In the book Outside In: Minorities and the Transformation of American Education, author Paula Fass posits that in order to understand the progressive era in American culture and American education, we must face what reformers saw as the "basic paradox of American culture" that "American existence, expansion, and prosperity depend on the continuous infusion of outsiders, but outsiders threaten to dissolve the culture and its links to the past by their presence" (p. 15). The basic paradox of American culture is described by Fass as the attempt to pursue the assimilation of immigrant children from various cultural backgrounds while upholding the identity and vision of what American ‘should be’ as determined by those who had once belonged to a largely homogenous America. This tug of war between diversity and inclusion and the maintenance of historic roots captured the conflicted efforts of the progressive era reformers as they imagined and designed American education systems for a heterogeneous nation. To date, current education reformers mirror their progressive era predecessors in their reactions to the paradox of American culture and education.

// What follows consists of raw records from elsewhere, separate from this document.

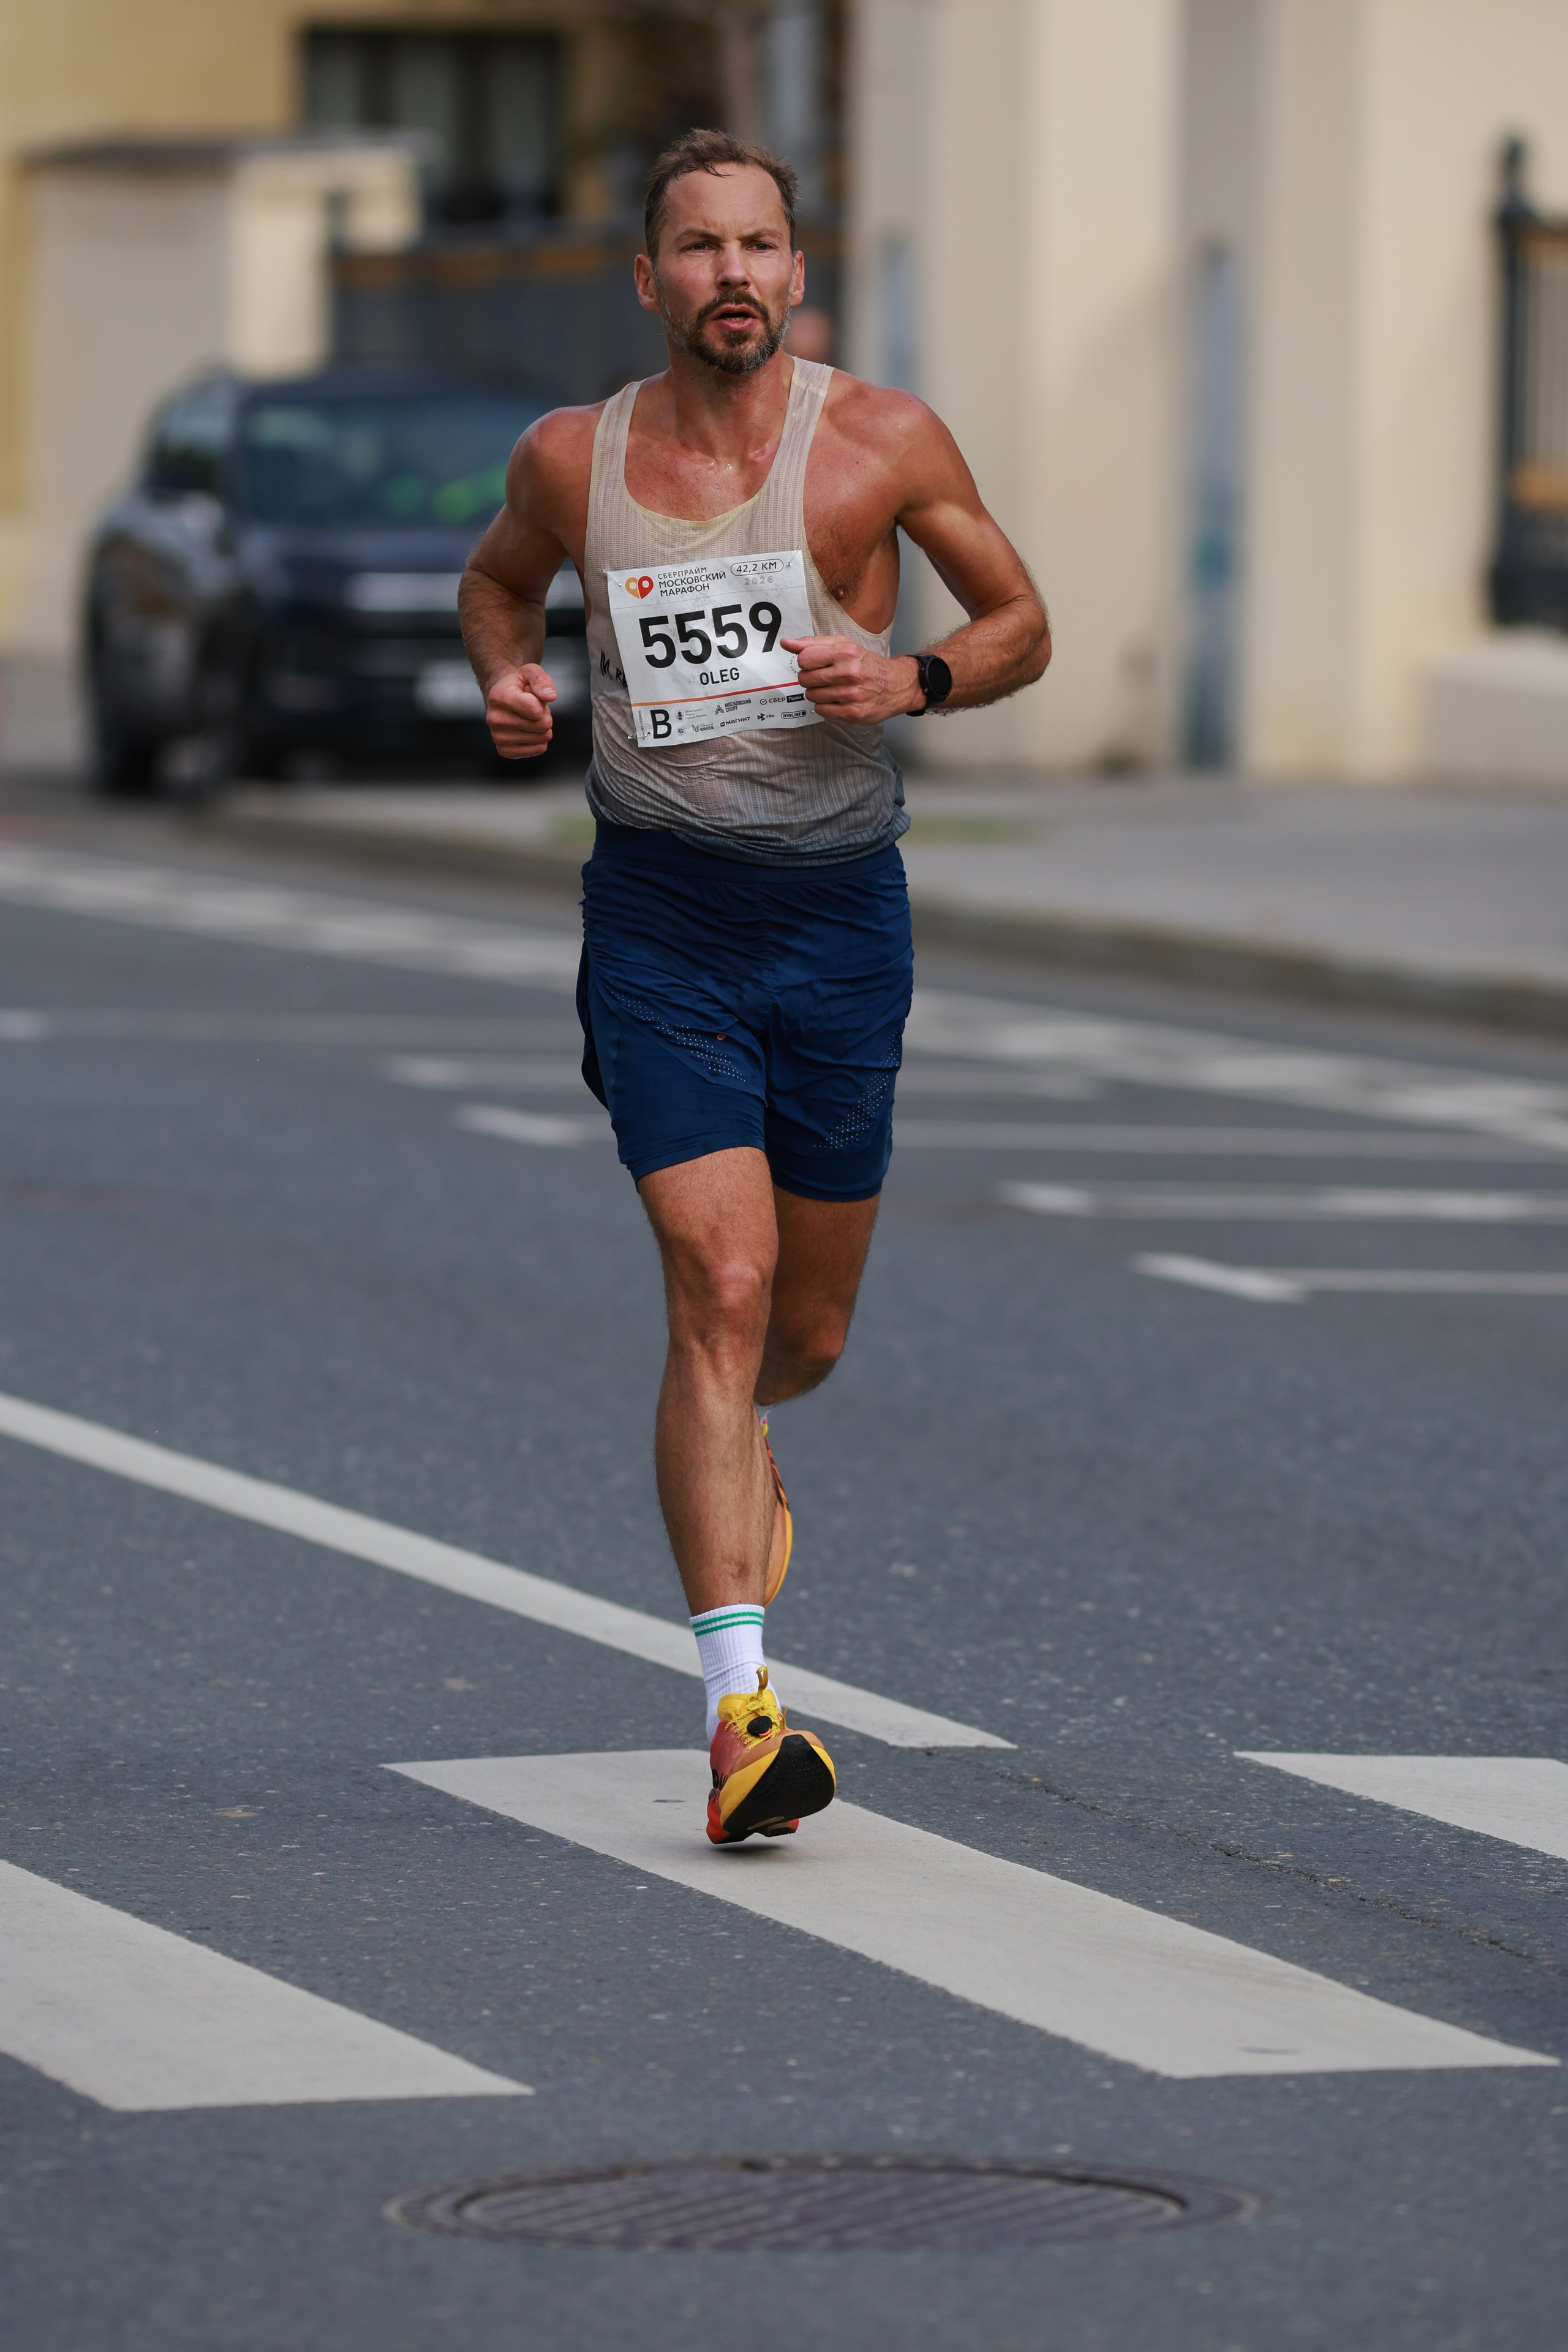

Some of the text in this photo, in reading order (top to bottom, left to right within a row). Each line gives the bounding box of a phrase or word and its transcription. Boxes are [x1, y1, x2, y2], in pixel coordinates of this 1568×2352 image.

[658, 567, 707, 579] СБЕРПРАЙМ
[736, 562, 777, 573] 42,2 КМ
[659, 571, 726, 588] МОСКОВСКИЙ
[744, 576, 773, 585] 2026
[660, 583, 709, 597] МАРАФОН
[639, 601, 782, 668] 5559
[699, 668, 739, 685] OLEG
[725, 698, 752, 707] МОСКОВСКИЙ
[650, 709, 672, 739] B
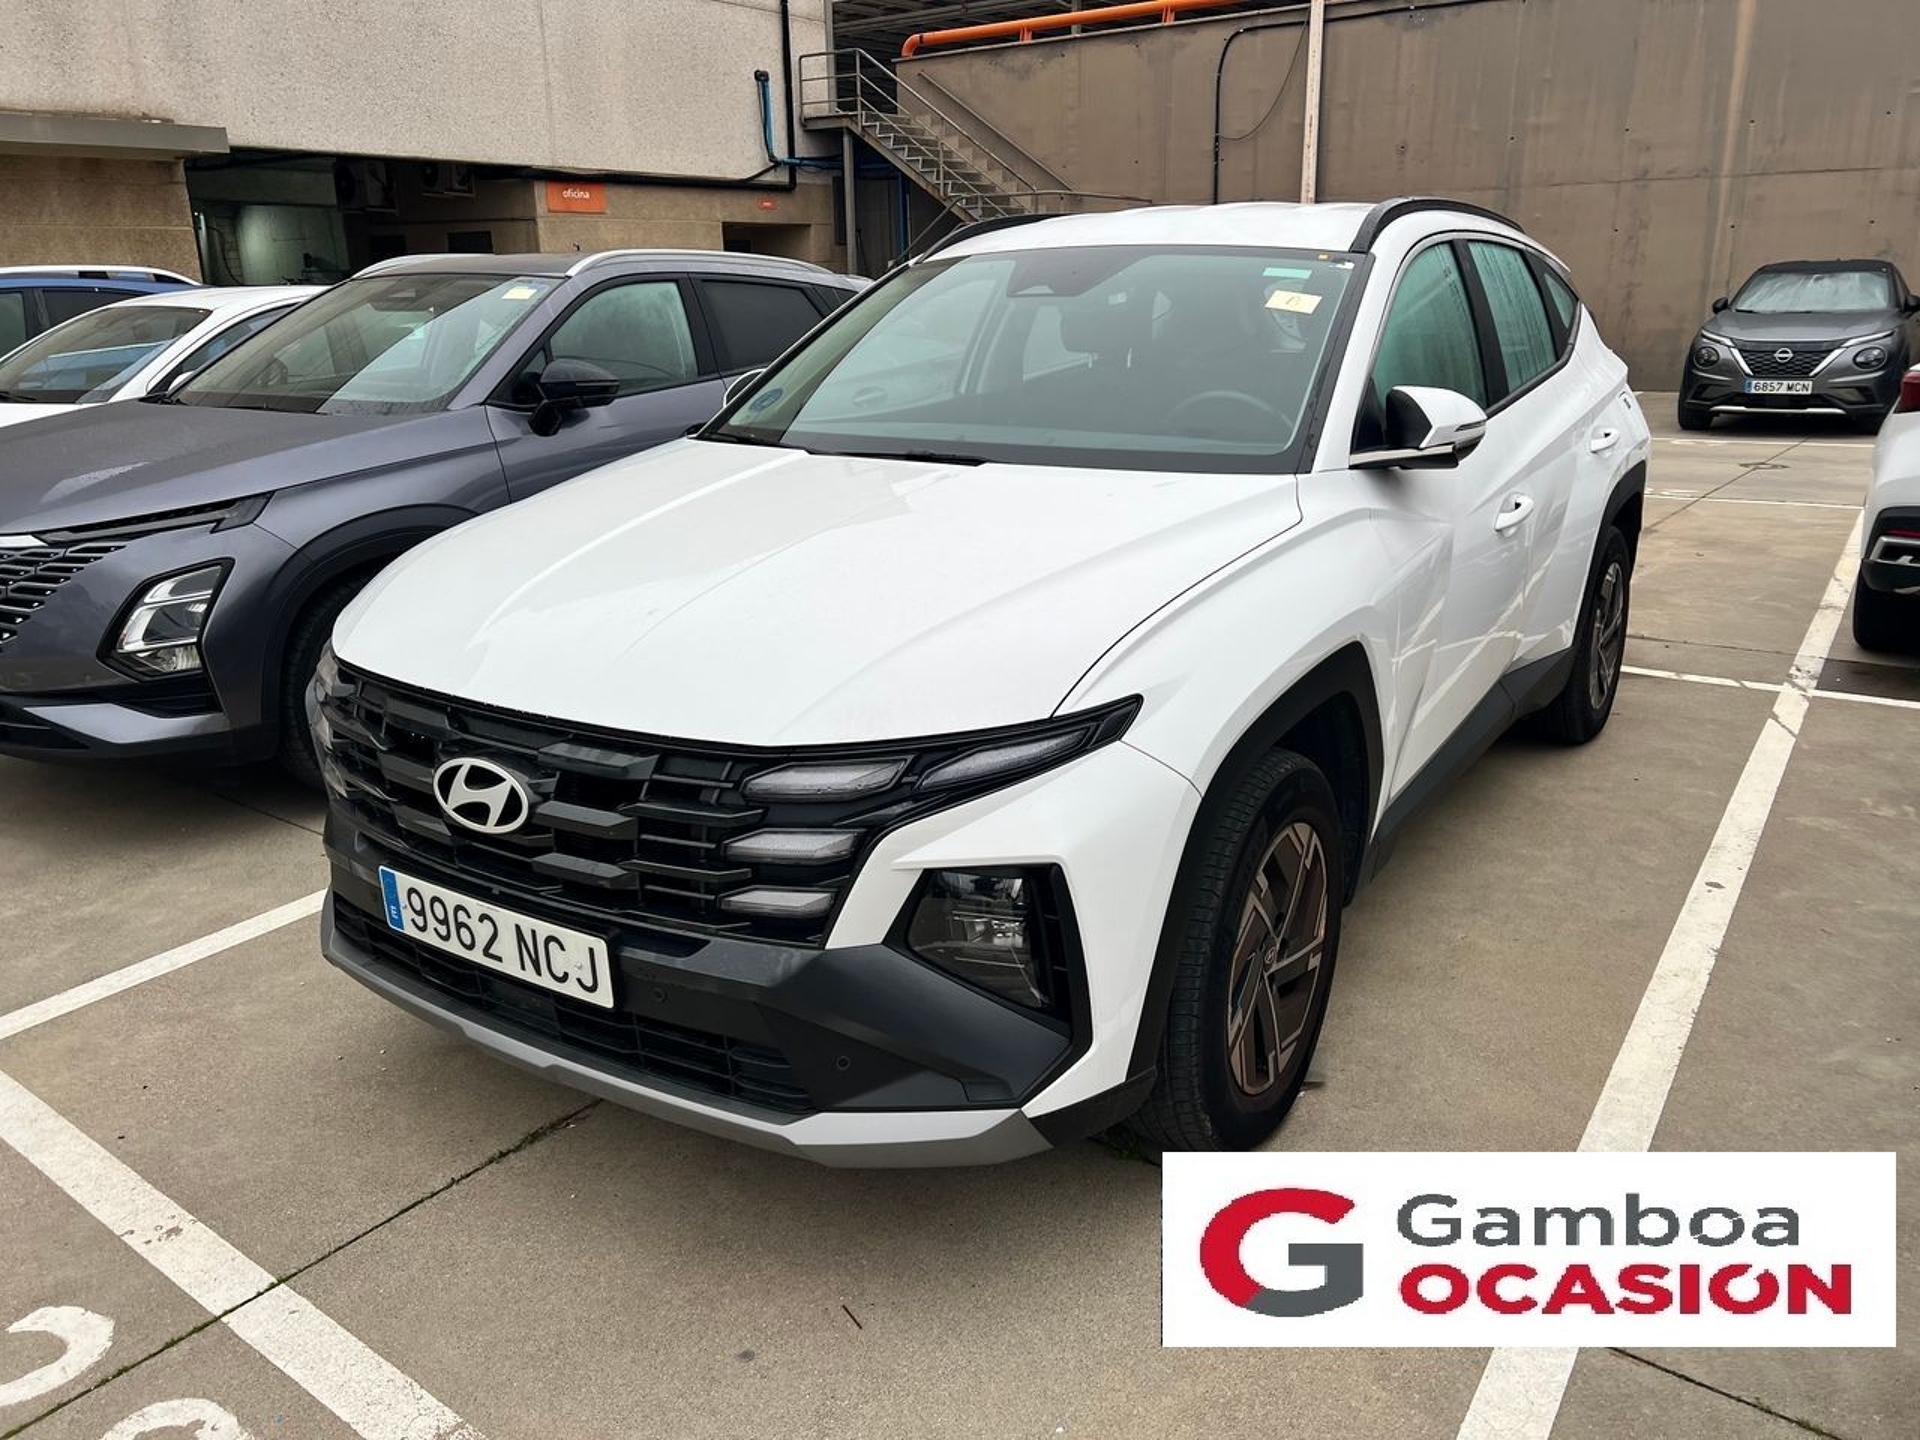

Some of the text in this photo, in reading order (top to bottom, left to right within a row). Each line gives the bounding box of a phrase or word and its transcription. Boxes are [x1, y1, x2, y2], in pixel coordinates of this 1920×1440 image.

[562, 188, 590, 199] oficina
[1754, 382, 1783, 392] 6857
[406, 887, 599, 994] 9962 NCJ

The first question we seek to explore is what education was employed as a medium to tackle the concerns posed by the basic paradox. Fass explains that between 1860 and 1890, an estimated 13.5 million immigrants arrived. This was followed by another 19 million in the following three decades. This influx of immigrants and the diversity of their cultural backgrounds was a source of anxiety for those who sought to maintain the historic ideals and identity of America. However, the immediate and complete assimilation of these immigrants proved to be a difficult task. Upon this realization, reformers diverted their attention beyond the immigrants themselves and towards their children. Fass writes: “the child as future citizen of the state is the fundamental concern” (p. 19). If they could not socialize the parents, they could socialize the child in accordance with the values, morals, and norms they believed were essential to the American way of life. Thus began the progressive era reform efforts towards increasing school enrollment and ensuring that every child, especially the immigrant child, was met with the socialization they would require to be an upstanding American citizen.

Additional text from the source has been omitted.